Collected data:
=== Begin Enclosure ===

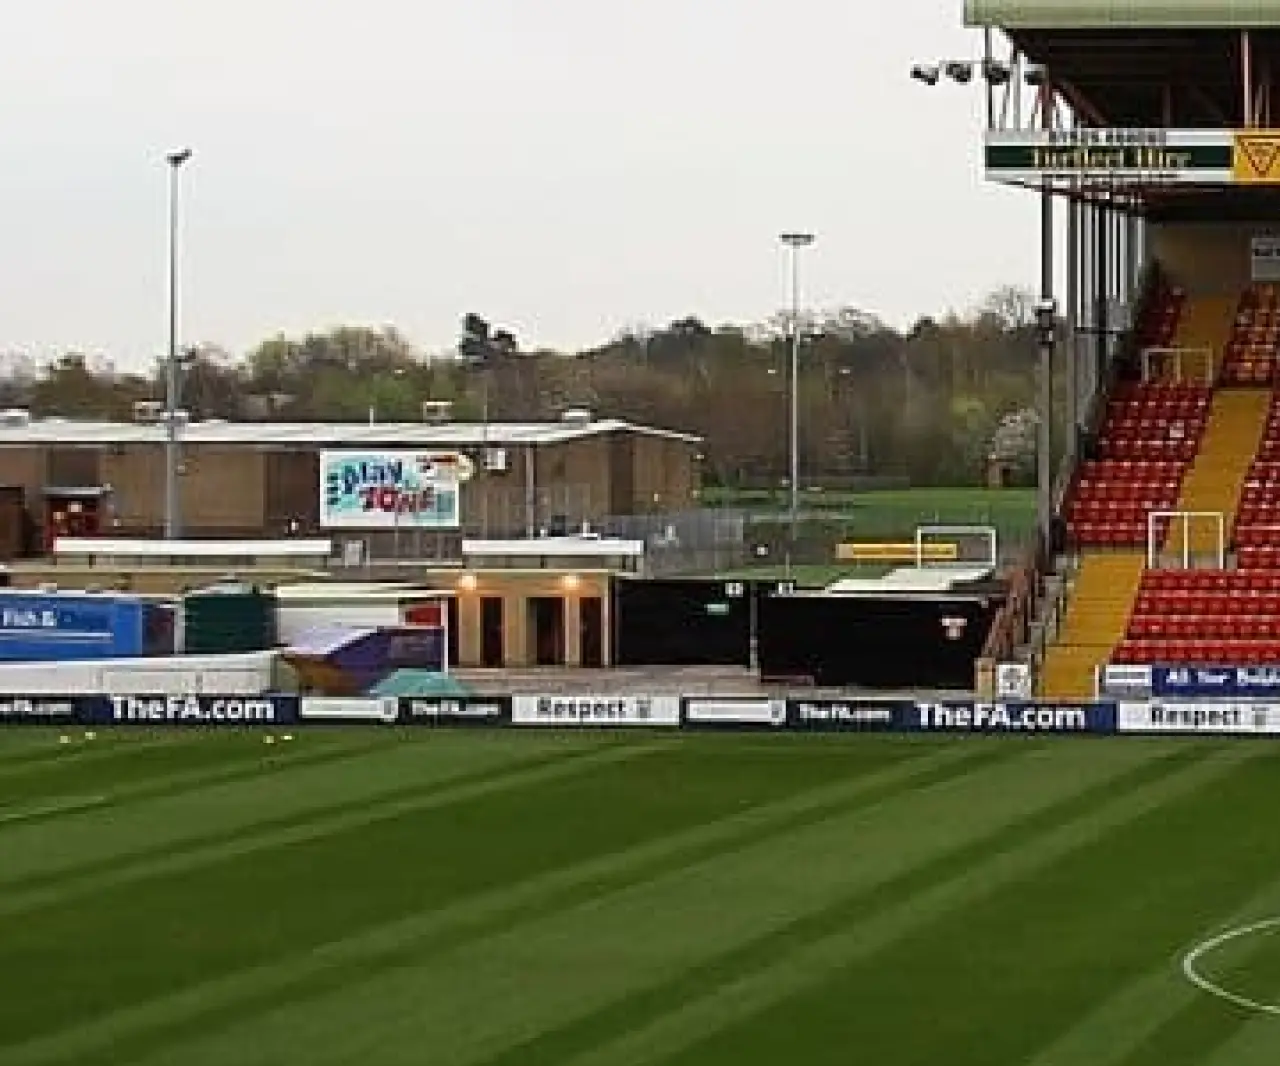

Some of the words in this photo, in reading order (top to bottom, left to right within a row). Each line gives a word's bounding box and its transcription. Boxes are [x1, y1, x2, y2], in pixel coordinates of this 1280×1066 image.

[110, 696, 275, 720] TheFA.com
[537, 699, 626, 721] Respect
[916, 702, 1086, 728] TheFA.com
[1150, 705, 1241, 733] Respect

=== End Enclosure ===

• [TASK STATEMENT] Images stay out, but the rest of the data above must be repeated exactly.

• [RESULT]
Some of the words in this photo, in reading order (top to bottom, left to right within a row). Each line gives a word's bounding box and its transcription. Boxes are [x1, y1, x2, y2], in pixel coordinates of this 1280×1066 image.

[110, 696, 275, 720] TheFA.com
[537, 699, 626, 721] Respect
[916, 702, 1086, 728] TheFA.com
[1150, 705, 1241, 733] Respect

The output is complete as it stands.